Arabs and western Arabists typically describe Israel as a European invention stuck right in the center of a region where it does not belong, but this is ignoring the fact that almost half of the Jewish state's population originated not in Europe, or Russia, or even Brooklyn, but in the Middle East. The Jews belong here as much as the other Middle Eastern minorities do, the Christians, Shiites, Alawites, and Kurds. The difference is that many of these minorities, unlike the Jews in Israel, have signed on, willingly or not, to the triumphalist Sunni Arab narrative: We are all Arabs. It seems as though eventually this fiction will collapse and some of these minorities will, like Israel, want their own states.

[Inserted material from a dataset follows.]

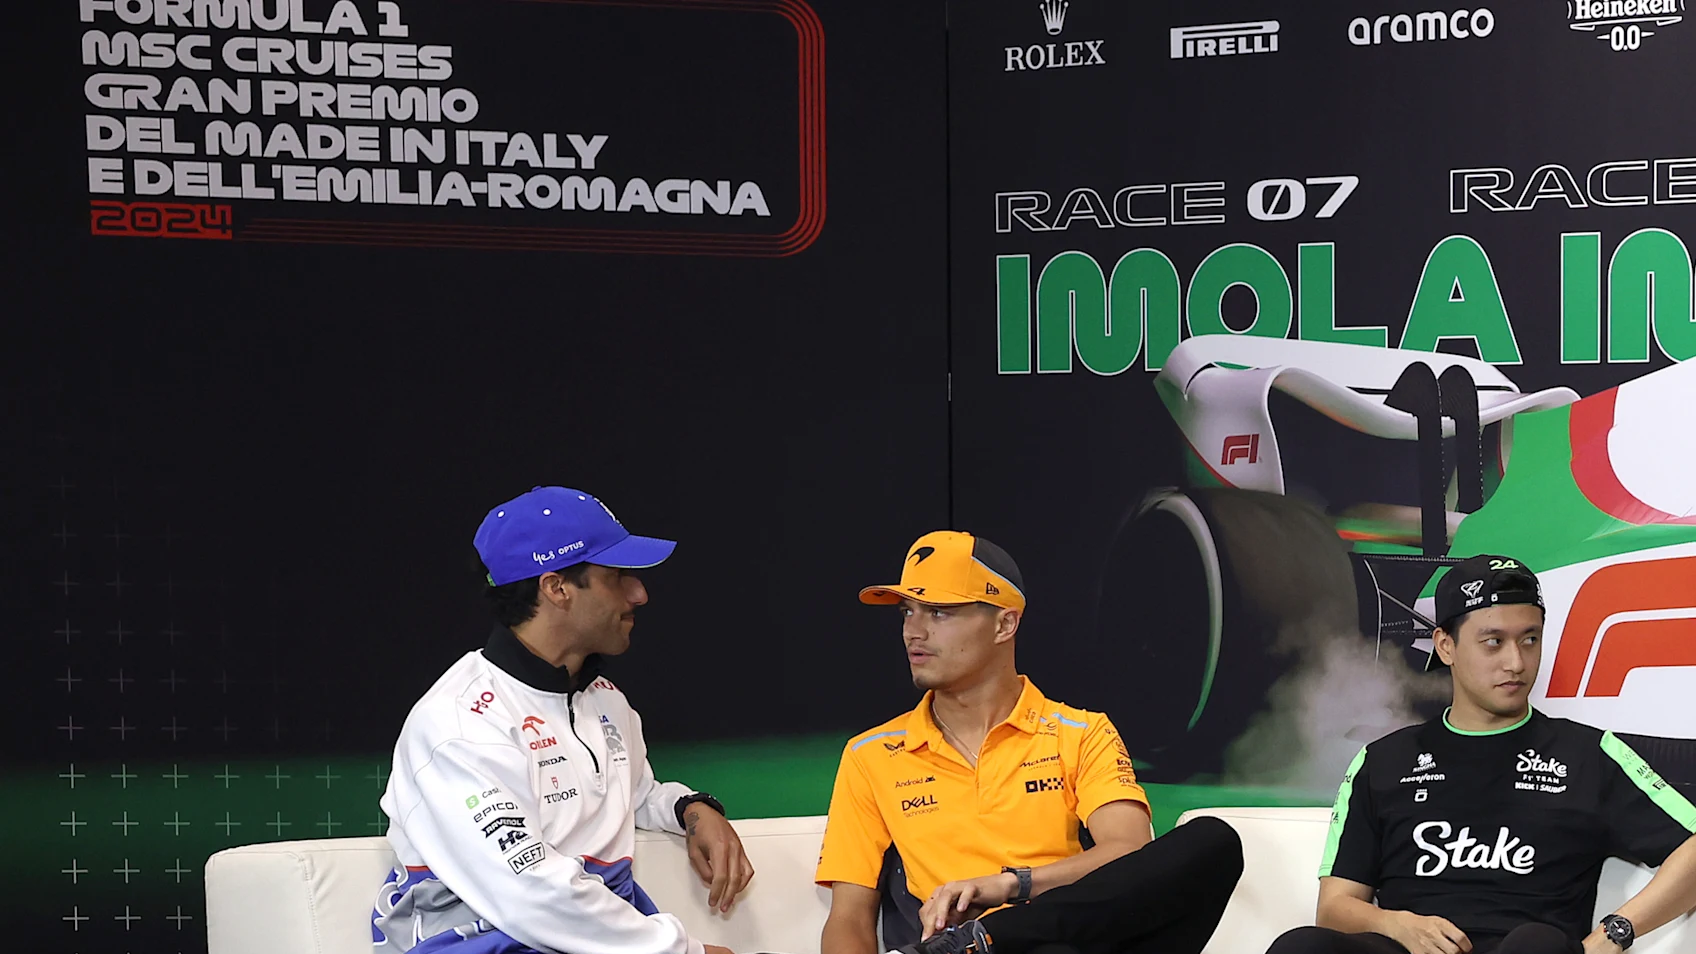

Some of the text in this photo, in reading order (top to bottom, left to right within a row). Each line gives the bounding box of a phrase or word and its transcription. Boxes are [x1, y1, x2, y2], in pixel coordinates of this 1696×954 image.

For decades now "Arabs" in the Middle East have feared Washington's ostensible designs to divide and weaken them. (Despite the obvious fact that America is working hard to see that Iraq, for instance, does not break into three parts.) But a region-wide reshuffling may be in the cards anyway. What might that look like?
Perhaps Washington is most anxious about its NATO ally Turkey and how it would deal with a separate Kurdish state. But the time may be coming when the Kurds will weigh their choices and might prefer fighting for an independent Kurdistan to defending themselves against their Iraqi compatriots.
Whether or not Israel manages to kill Hezbollah's Hassan Nasrallah in Lebanon may be immaterial. If his catastrophic foreign policy loses the Shiite population, the political gains Hezbollah's arms may have earned it over the last 20 years could evaporate. Who is to say that the 150,000 refugees now in Syria will return to Lebanon, rather than head east to Iraq, where Shiites are ascendant?
Perhaps Syria will return to the days of its ancient Umayyad glory with an unquestionably Sunni Arab empire, and the minority Alawites will move to the Syrian coast, an escape hatch designed ages ago by Hafez al-Asad. The Mediterranean then would be lined with a strip of regional minorities turned toward the West, Alawites, Christians, Druze, and Jews.
Maybe the answer to the region's violence, the refusal of its citizens to accept difference, is in these fragments.